The franchise is known for its eccentric and passionate fandom, which produces unofficial media, including fangames, fan fiction, modifications and ROM hacks of existing games, fan films, and fan art. Caty McCarthy of USGamer noted that many fans have continued to support the series in spite of poorly received games like the 2006 Sonic the Hedgehog, and she credited the fandom with helping maintain public interest in the franchise. Notable Sonic fangames include Sonic After the Sequel (2013), set between the events of Sonic the Hedgehog 2 and 3, and Sonic Dreams Collection (2015), which satirizes the series' fandom. Sonic Manias development team included individuals who had worked on Sonic ROM hacks and fangames, while Iizuka said the character customization system in Sonic Forces was influenced by the Sonic community's tendency to create original characters. Summer of Sonic, an annual fan convention dedicated to the Sonic series and hosted in the United Kingdom, was founded by Svend Joscelyne and Adam Tuff and first held in 2008.

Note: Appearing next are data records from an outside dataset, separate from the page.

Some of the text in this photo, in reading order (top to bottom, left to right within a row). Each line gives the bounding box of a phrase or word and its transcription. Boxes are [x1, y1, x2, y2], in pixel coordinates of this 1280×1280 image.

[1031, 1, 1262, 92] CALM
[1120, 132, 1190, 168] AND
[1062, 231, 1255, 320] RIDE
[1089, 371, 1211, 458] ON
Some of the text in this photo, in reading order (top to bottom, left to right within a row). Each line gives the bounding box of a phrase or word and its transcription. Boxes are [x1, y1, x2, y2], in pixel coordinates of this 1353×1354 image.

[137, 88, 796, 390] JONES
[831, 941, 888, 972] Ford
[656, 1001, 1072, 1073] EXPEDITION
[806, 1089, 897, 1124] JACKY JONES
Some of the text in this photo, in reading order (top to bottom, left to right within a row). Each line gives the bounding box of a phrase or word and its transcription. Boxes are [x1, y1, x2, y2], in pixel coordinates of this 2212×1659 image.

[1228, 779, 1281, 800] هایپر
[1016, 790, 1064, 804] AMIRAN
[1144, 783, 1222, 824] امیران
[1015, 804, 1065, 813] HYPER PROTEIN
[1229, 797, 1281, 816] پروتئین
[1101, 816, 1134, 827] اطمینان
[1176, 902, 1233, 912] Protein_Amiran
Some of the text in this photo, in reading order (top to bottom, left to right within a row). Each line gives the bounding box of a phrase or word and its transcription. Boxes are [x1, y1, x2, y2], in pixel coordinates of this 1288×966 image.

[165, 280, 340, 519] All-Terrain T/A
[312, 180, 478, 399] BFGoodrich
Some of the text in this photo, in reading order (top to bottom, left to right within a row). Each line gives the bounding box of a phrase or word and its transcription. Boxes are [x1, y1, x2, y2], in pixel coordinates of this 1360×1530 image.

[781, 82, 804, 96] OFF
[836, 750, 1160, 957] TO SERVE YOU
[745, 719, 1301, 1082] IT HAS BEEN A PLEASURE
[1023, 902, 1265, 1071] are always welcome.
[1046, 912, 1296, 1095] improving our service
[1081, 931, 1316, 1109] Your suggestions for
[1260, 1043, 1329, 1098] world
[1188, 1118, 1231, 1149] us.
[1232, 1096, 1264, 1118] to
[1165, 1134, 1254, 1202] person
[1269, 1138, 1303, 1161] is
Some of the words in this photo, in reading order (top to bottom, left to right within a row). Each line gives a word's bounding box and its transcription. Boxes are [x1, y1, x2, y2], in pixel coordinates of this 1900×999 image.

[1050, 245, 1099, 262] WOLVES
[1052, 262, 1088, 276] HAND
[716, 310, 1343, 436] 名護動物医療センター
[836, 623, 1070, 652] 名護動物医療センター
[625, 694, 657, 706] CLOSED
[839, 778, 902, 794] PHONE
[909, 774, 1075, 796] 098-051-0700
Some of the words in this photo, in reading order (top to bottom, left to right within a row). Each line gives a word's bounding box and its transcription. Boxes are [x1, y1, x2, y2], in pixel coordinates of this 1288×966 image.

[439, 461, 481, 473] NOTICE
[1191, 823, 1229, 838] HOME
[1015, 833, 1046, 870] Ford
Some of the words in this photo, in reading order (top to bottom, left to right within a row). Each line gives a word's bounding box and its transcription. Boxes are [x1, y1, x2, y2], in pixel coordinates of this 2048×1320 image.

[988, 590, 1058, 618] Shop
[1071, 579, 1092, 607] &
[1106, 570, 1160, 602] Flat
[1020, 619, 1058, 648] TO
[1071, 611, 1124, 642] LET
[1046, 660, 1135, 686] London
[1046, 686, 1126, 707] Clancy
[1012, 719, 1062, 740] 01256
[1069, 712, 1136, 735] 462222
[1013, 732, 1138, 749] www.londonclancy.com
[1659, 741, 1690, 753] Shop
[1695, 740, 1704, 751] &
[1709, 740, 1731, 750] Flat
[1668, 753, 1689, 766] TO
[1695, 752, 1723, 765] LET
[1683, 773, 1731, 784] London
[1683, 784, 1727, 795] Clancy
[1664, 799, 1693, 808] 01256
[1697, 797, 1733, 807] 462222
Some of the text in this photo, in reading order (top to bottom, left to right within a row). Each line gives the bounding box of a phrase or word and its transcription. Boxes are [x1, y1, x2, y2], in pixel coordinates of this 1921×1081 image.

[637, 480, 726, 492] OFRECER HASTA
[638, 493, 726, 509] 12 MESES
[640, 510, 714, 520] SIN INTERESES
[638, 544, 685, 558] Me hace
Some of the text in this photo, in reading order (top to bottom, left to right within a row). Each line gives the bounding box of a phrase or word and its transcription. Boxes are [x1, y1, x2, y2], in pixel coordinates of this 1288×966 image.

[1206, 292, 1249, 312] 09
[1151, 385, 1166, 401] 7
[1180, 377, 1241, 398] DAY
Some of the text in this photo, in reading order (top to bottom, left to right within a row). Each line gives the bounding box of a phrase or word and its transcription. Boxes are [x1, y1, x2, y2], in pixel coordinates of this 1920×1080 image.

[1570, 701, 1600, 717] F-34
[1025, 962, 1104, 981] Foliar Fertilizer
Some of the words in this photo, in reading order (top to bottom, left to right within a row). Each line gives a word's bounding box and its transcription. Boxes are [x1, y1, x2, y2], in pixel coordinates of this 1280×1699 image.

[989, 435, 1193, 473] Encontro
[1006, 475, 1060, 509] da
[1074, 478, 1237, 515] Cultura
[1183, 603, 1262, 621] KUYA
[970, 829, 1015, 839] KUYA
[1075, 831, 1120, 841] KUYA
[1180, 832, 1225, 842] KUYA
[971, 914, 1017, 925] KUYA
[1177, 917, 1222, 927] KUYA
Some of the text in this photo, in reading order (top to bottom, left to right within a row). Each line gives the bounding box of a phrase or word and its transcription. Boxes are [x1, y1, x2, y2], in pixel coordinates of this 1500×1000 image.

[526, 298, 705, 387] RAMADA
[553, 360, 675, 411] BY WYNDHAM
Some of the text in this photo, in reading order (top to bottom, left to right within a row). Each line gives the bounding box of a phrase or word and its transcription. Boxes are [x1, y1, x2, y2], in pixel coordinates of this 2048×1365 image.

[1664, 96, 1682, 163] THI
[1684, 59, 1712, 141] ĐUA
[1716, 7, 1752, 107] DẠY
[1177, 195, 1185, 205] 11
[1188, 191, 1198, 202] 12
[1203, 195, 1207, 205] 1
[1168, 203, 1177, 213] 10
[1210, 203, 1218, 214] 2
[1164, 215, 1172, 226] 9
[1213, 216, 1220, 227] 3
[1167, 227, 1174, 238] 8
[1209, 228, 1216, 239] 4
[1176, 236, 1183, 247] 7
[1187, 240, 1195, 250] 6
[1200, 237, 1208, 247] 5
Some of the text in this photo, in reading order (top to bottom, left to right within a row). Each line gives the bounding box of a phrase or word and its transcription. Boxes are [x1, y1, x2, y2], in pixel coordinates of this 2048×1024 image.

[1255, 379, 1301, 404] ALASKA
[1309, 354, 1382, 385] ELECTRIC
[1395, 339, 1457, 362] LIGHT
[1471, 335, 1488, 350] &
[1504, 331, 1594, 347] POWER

Sonic has inspired various internet memes, which have been acknowledged by Sega and referenced in games. "Sanic hegehog", a crude Sonic drawn in Microsoft Paint, originated in 2010; typically, the meme uses one of Sonic's catchphrases but with poor grammar. The Sonic Twitter account has made numerous references to it, and it appeared in official downloadable content for Sonic Forces on in-game shirts and as a visual gag in the Sonic the Hedgehog film. Sanic also inspired similar memes and parodies and was described by William Moo of Syfy Wire as "perfect proof of the twisted love and appreciation many have" for Sonic. In January 2018, players flooded the virtual reality game VRChat with avatars depicting "Ugandan Knuckles", a deformed version of Knuckles the Echidna. The character stemmed from a 2017 review of Sonic Lost World by YouTube user Gregzilla, as well as fans of PlayerUnknown's Battlegrounds streamer Forsen, who often reference the African country Uganda. The Ugandan Knuckles meme was controversial for its perceived racial insensitivity, and the creator of the avatar expressed regret over how it was used. In response, the Sonic Twitter account encouraged players to respect others and donate to a Ugandan charity through GlobalGiving.

The sonic hedgehog gene, first identified for its role in fruit fly embryonic development, was named after Sonic. Robert Riddle, then a postdoctoral fellow at the Tabin Lab, came up with the name after his wife bought a magazine containing an advert for Sonic. A mutation in the gene causes fly larvae to bear spiky denticles, reminiscent of Sonic.